Diabetes medication Victoza fails to improve heart function in patients

diabetic elderly
An hospitalized elderly patient - Image Copyrights by: Jess Pohlman

A new report published in the Journal of the American Medical Association (JAMA) showed that diabetes drug Victoza (liraglutide) didn’t help heart function in advanced heart failure patients. Heart failure is influenced by an abnormal cardiac metabolism, and glucagon-like peptide 1 (GLP-1) agonists such as liraglutide showed a cardioprotective activity in previous studies even in non-diabetic patients. For six months, the research team led by Dr. Kenneth Margulies, a professor of medicine at the University of Pennsylvania in Philadelphia, examined a total of 300 subjects in a double-blind, placebo-controlled randomized clinical trial. The objective was to test whether treatment with this medication could improve the clinical conditions in patients who were hospitalized for acute heart failure.
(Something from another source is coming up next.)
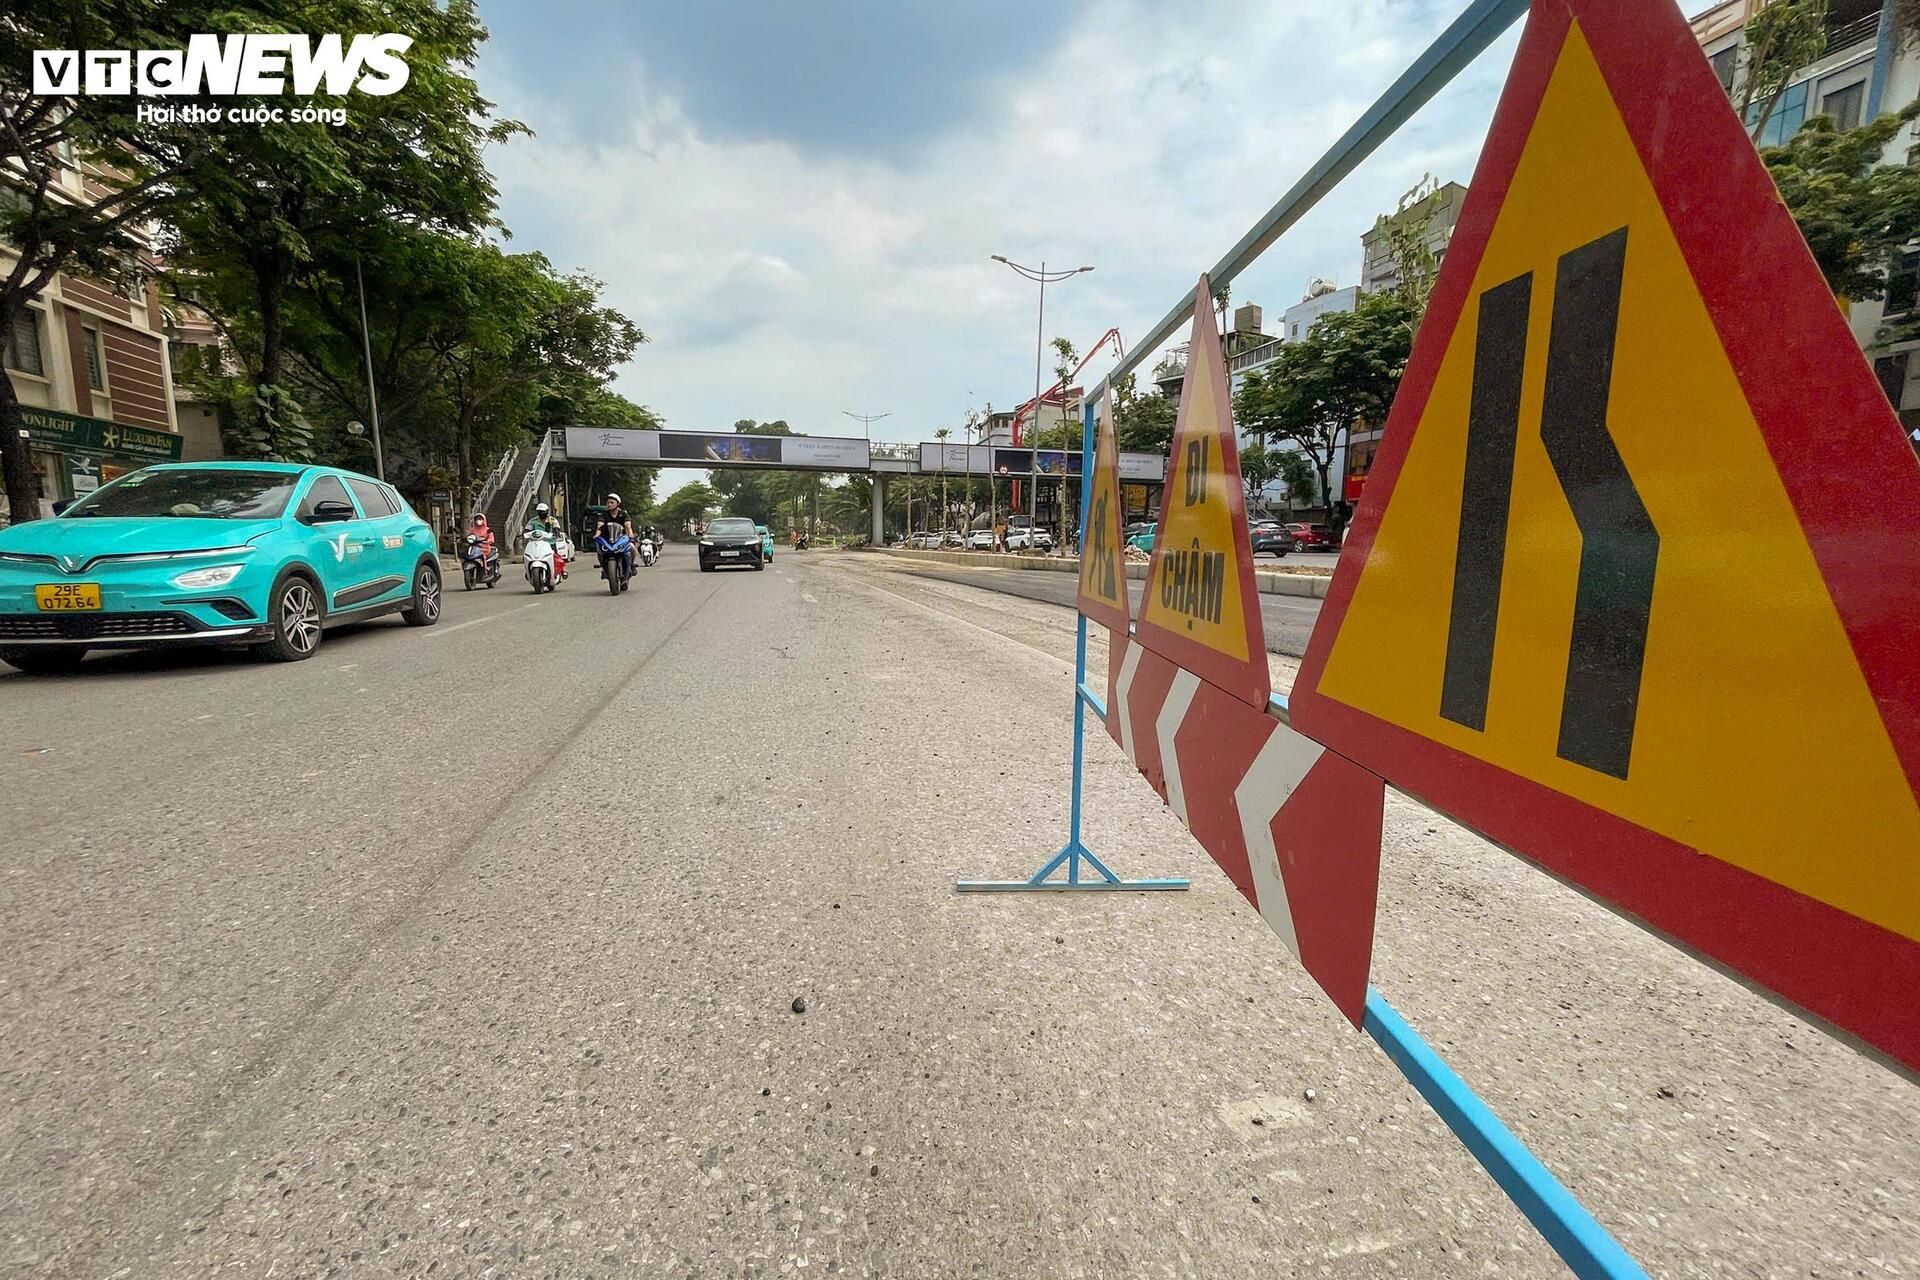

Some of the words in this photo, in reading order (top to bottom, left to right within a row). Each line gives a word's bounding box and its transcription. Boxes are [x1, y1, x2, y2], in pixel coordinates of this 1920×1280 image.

Early trials showed that the heart and peripheral muscles of the subjects affected by this condition have insulin resistance. The theory was that liraglutide and other similar diabetes medications could interact with the heart’s GLP-1 receptors improving its function. However, results from the study pointed to the opposite result, as These findings did not support the use of this medication for this purpose. Not only Victoza did not help, but in some instances, its effects were even slightly harmful to the patients treated. As Margulies explained, patients taking this medication reported a slightly higher risk of rehospitalization (41 percent vs. 34 percent) and death (12 percent vs. 11 percent) compared to those taking placebo. Liraglutide also negatively affected their kidney function. No differences were found between diabetic and non-diabetic patients under treatment with either the medicine or the placebo.

This is not the first instance where a new diabetes drug has detrimental effects on the cardiovascular health of diabetic patients. In 2013, a large clinical trial published in the New England Journal of Medicine found that Onglyza (saxagliptin) increased the risk of heart failure by 27 percent. Similarly, the SGLT2-inhibitor Invokana (Canagliflozin) showed a significantly increased risk of myocardial infarction in patients treated with it compared to placebo.


There are several reasons why this study contradicted the results of other similar trials such as the LEADER trial that found that Victoza could lower the risk of cardiovascular accidents. The trial involved both type-2 diabetes patients as well as non-diabetic ones, and was relatively small and short compared to others. Dr. Caroline Apovian, a professor of medicine at Boston University School of Medicine, theorized that in patients suffering from severe heart failure the medication was not able to improve their condition since they were already too sick. Although those terminally ill patients weren’t able to recover, maybe the drug could still have some beneficial effects if started sooner.